Mi madre se quedó en la calle con tres hijos. Nuestro padre se llevó el dinero de la venta del piso de mi madre y desapareció.
Hasta los 38 años, mis padres no lograron tener hijos. Los médicos no daban con la causa, se encogían de hombros sin saber qué pasaba. Mi madre, con el tiempo, terminó por resignarse y aceptar un futuro sin hijos. A mi padre, sin embargo, no parecía preocuparle en absoluto. Repetía una y otra vez: No te preocupes, no pasa nada. Está claro que los hijos no le interesaban.
Aun sin esperanza, mi madre seguía rezando a Dios para que al menos le concediera tener un solo hijo. Y, por azares del destino o intervención divina, nací yo.
La alegría de mi madre no tenía comparación. Pero, para entonces, mi padre ya era indiferente con ella y se ponía nervioso cada vez que yo lloraba por la noche. Un año después, llegaron mis hermanos gemelos. Aquello fue motivo de alabanza para mi madre; por fin se sentía la mujer más feliz del mundo, hecha madre. ¿Qué pasaba con mi padre? Está claro que los hijos no eran ningún aliciente para él. Y decidió engañarnos.

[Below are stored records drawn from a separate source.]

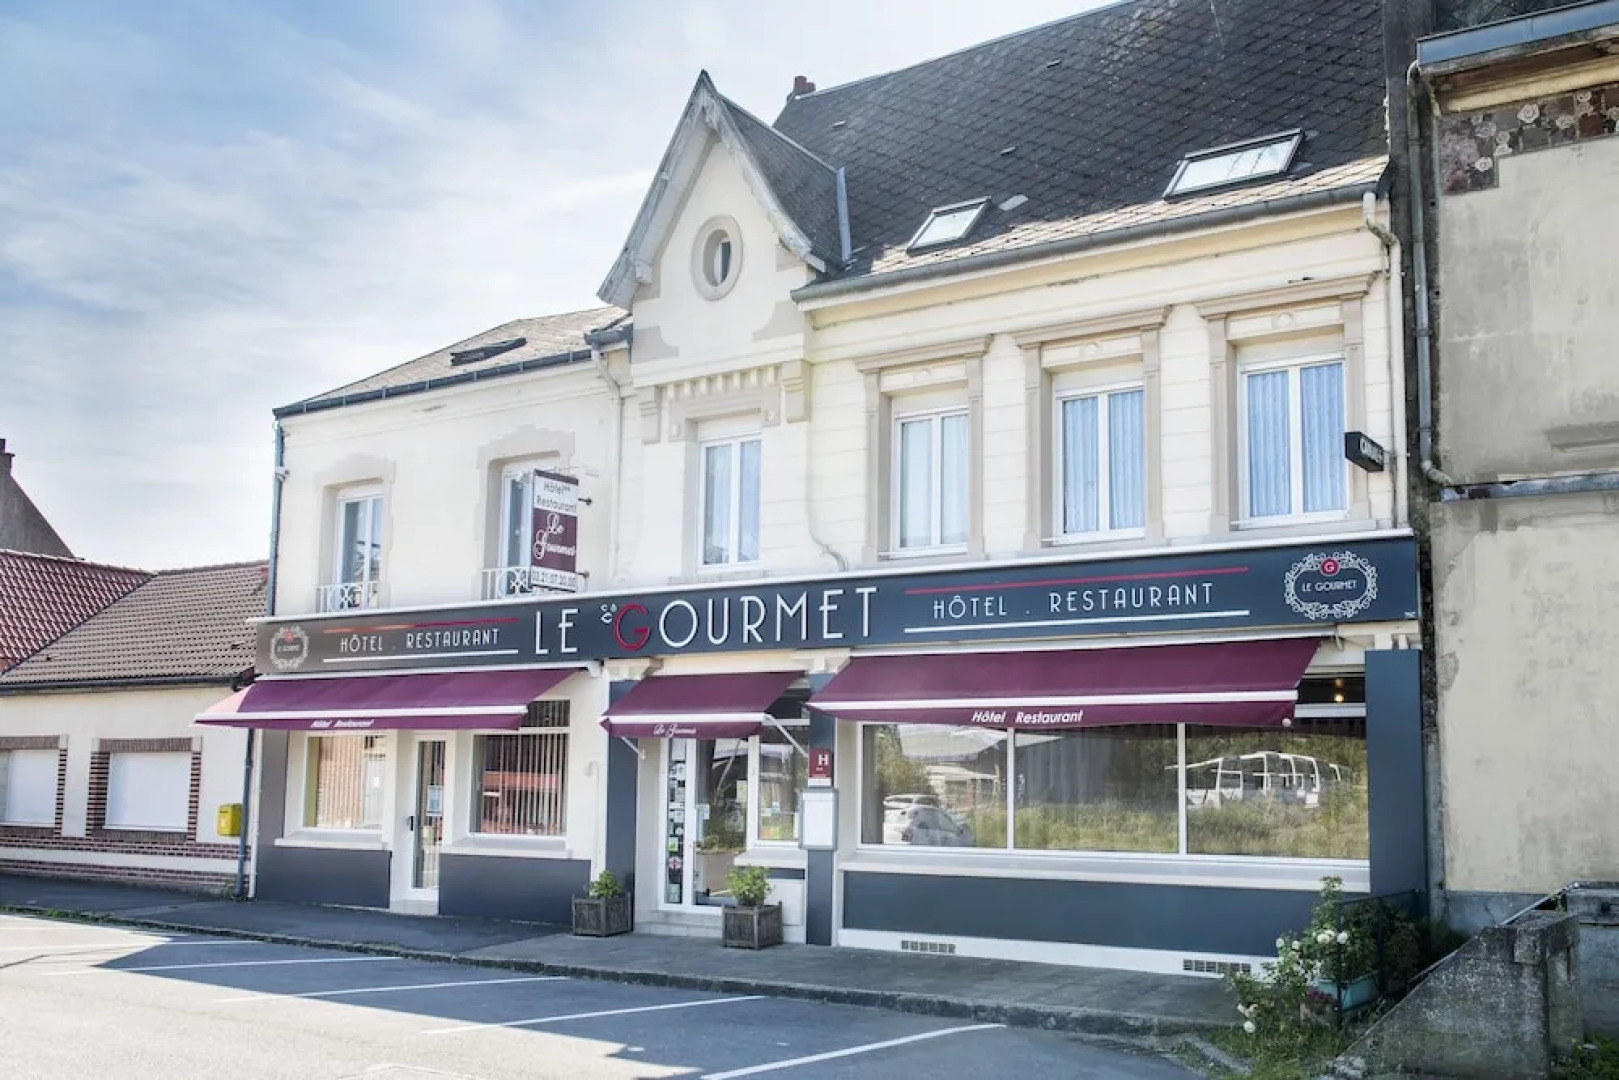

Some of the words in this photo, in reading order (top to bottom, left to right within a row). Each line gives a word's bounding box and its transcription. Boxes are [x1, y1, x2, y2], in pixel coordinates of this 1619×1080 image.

[1301, 582, 1312, 593] LE
[1314, 579, 1358, 592] GOURMET
[932, 593, 1008, 619] HÔTEL
[1049, 582, 1214, 613] RESTAURANT
[535, 608, 579, 655] LE
[614, 587, 877, 652] GOURMET
[340, 634, 383, 652] HÔTEL
[405, 628, 500, 649] RESTAURANT
[971, 709, 1007, 723] Hôtel
[1014, 708, 1084, 724] Restaurant
[818, 754, 829, 765] H
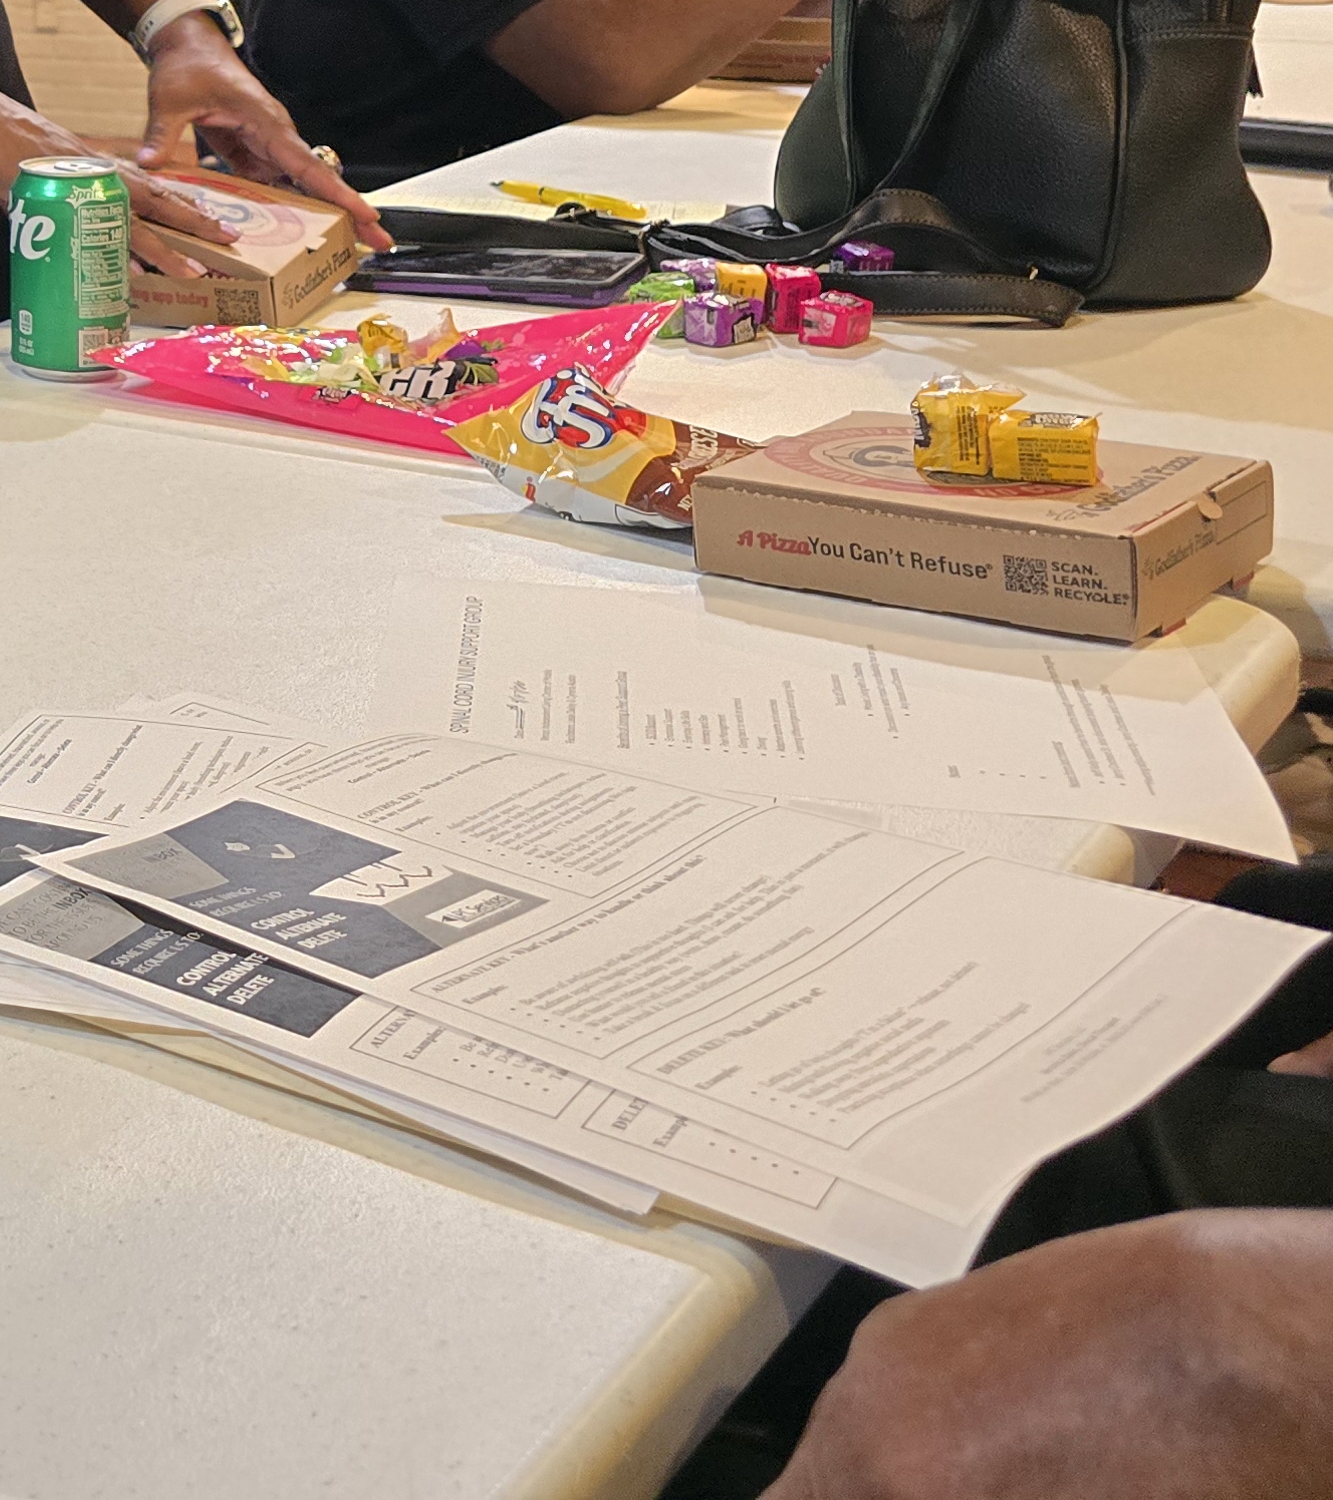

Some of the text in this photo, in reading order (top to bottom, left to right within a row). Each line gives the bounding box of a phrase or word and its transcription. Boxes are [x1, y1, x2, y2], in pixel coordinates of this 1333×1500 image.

[9, 199, 56, 261] te
[176, 290, 209, 308] today
[736, 529, 754, 547] A
[757, 530, 811, 555] Pizza
[807, 537, 844, 559] You
[849, 542, 905, 568] Can't
[1051, 560, 1099, 576] SCAN.
[1052, 574, 1109, 591] LEARN.
[449, 595, 483, 734] SPINAL CORD INJURY SUPPORT GROUP
[357, 800, 401, 819] CONTROL
[52, 887, 92, 911] INBOX
[250, 907, 315, 931] CONTROL
[275, 912, 348, 941] ALTERNATE
[296, 929, 348, 950] DELETE
[110, 949, 144, 967] SOME
[132, 947, 174, 975] REQUIRE
[176, 950, 237, 987] CONTROL
[202, 952, 270, 998] ALTERNATE
[432, 965, 490, 992] ALTERNATE
[226, 974, 275, 1006] DELETE
[370, 1009, 417, 1049] ALTERNA
[657, 1049, 705, 1074] DELETE
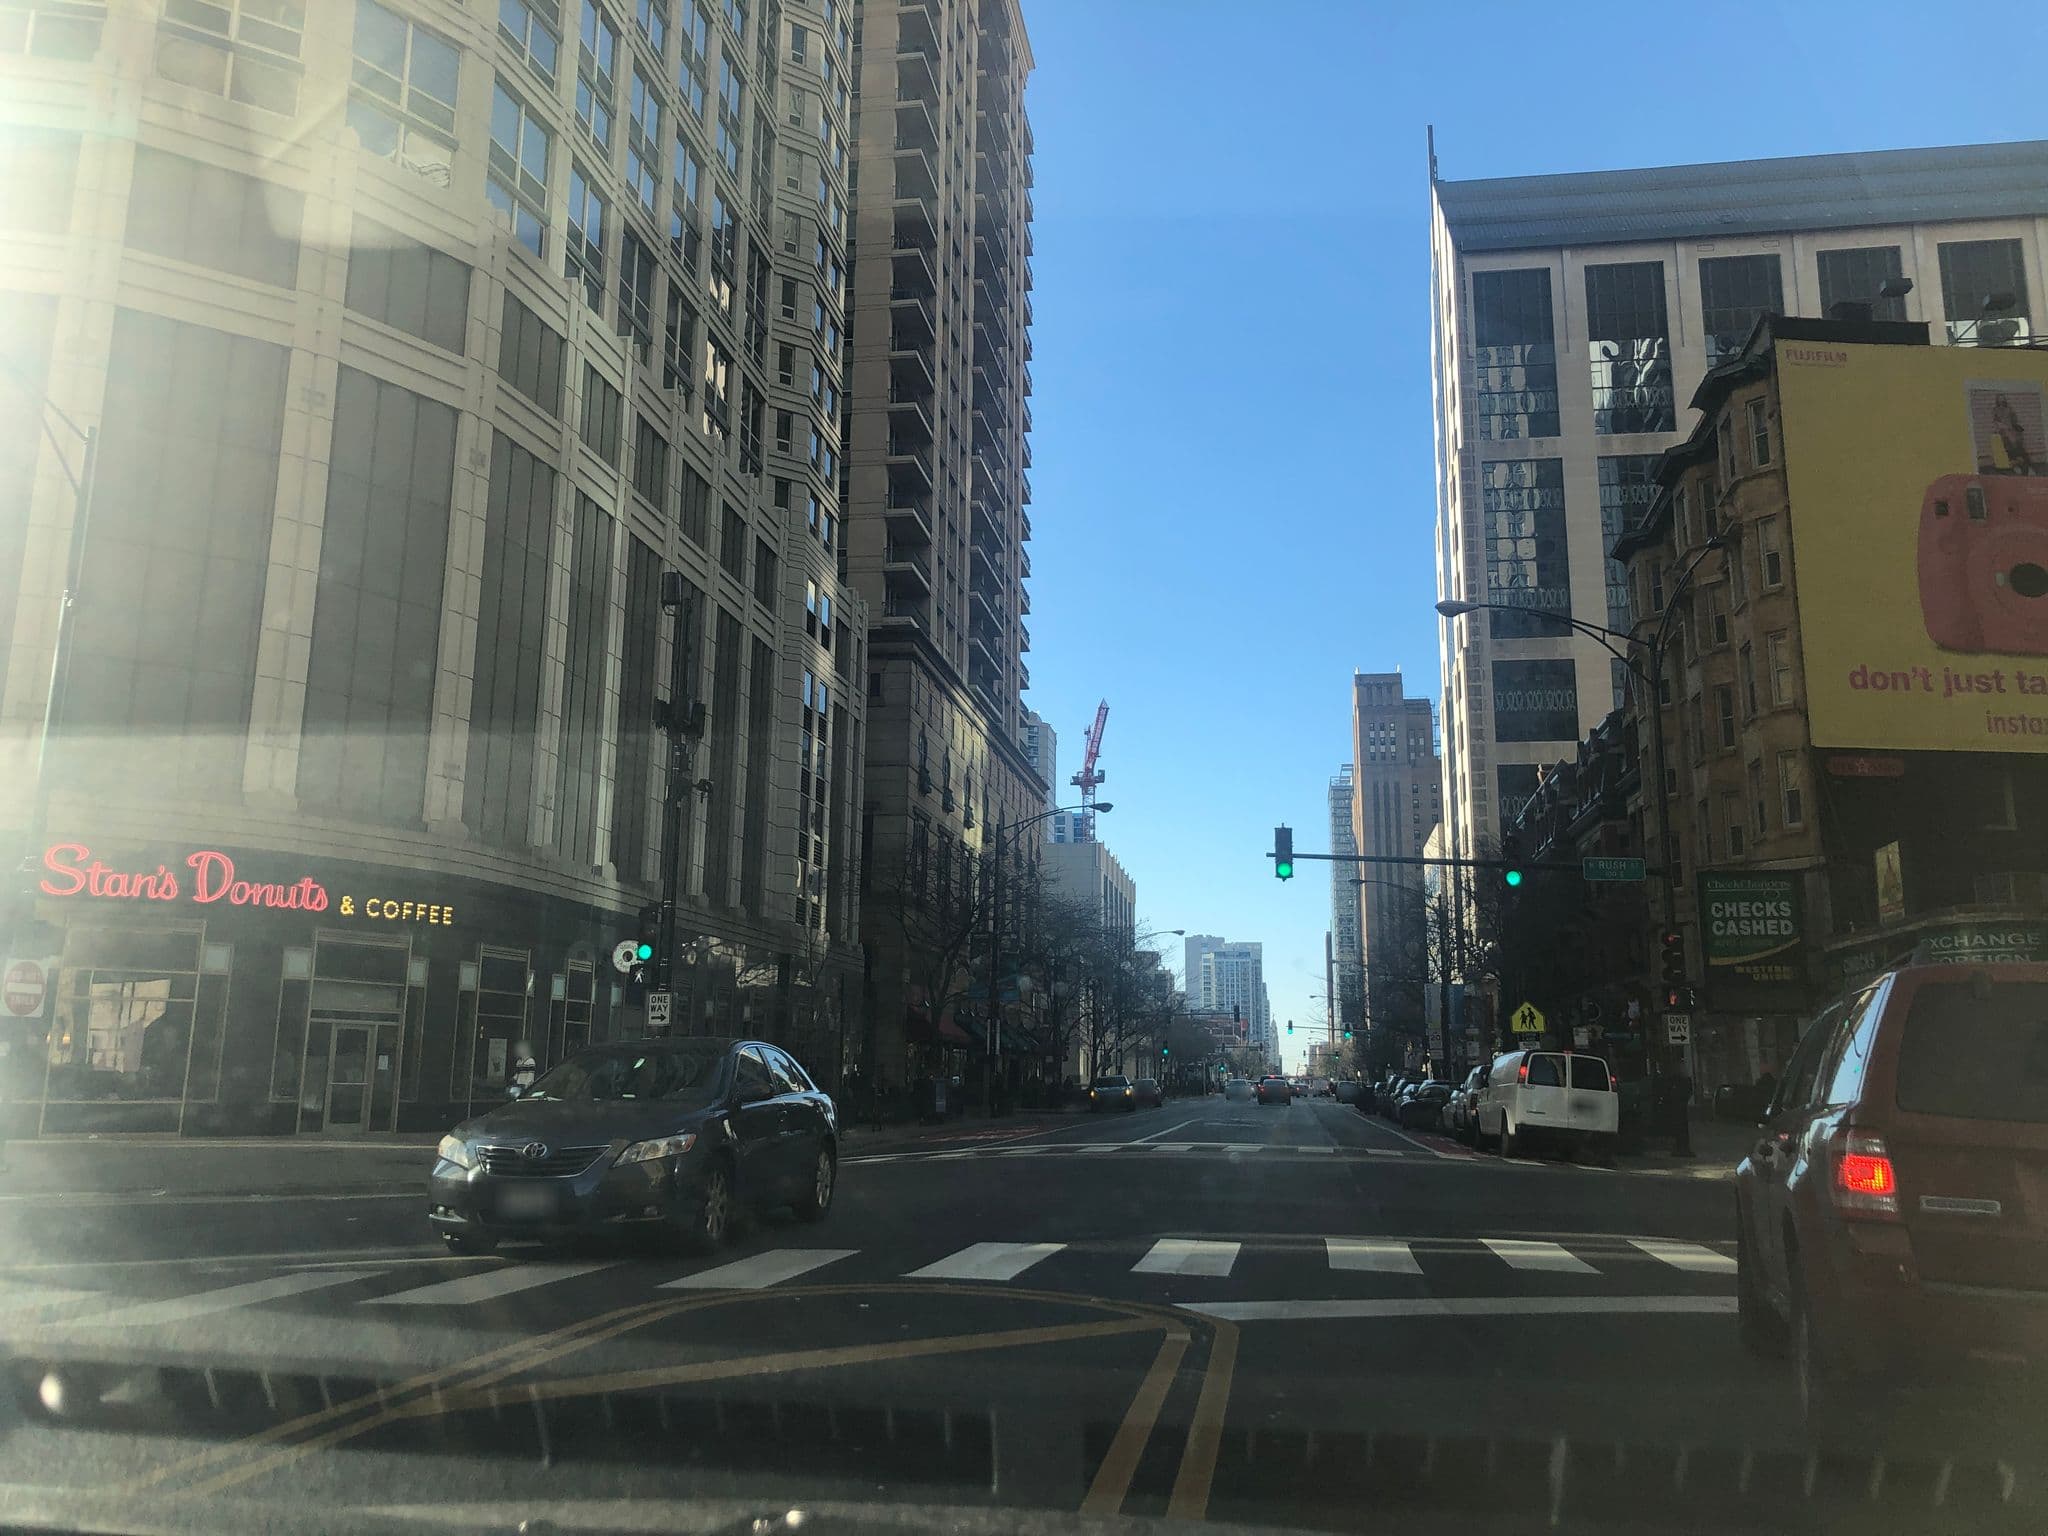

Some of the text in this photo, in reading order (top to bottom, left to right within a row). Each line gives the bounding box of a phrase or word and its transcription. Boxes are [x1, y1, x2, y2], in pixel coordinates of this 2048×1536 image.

Convenció a mi madre para vender el piso familiar, diciéndole que necesitábamos un piso más grande y que compraríamos lo nuevo pagando una parte con una hipoteca. Ella le creyó. Pero, en cuanto él tuvo el dinero en sus manos, desapareció. Ni hoy sabemos dónde está.
Así dejó a mi madre en la calle con tres hijos pequeños. ¿Dónde podía ir? Acabamos viviendo con mis abuelos maternos. Éramos seis personas en un piso de dos habitaciones: mi madre, mis dos hermanos, yo y mis abuelos. Para entonces, mi madre había perdido toda confianza en los hombres y en las relaciones. Le tocó luchar mucho. Alimentar y vestir a tres hijos no era tarea fácil.
Así fueron nuestros años. Con el tiempo, mi abuela falleció y, un tiempo después, también mi abuelo. Evidentemente, nos quedamos con más espacio en la casa. Un verano, mi madre nos llevó al parque. Ahí, junto a los columpios, conoció a un hombre de su edad. Empezó a acercarse a ella, pero mi madre se mostró reacia desde el principio. Sin embargo, fuimos muchas más veces a aquel parque y, finalmente, accedió a darle su número de teléfono. Poco después, comenzaron a salir.
Dos meses más tarde, nos mudamos a un piso más amplio en Madrid, de tres habitaciones, junto a él: Javier. Se convirtió en nuestro padrastro. Decir que desde ese momento nuestra infancia se llenó de felicidad es quedarse corto. Javier ocupó el lugar de nuestro padre: compartió nuestras alegrías y estuvo con nosotros en los momentos difíciles. Hoy en día, ya adultos, a Javier le llamamos padre. Así es, una mujer con hijos no es ninguna carga. Siempre hay una oportunidad para encontrar la felicidad. Mi padre biológico huyó de nosotros y de mi madre, pero Javier, como un hombre de verdad, nos aceptó y nos hizo sentir completos.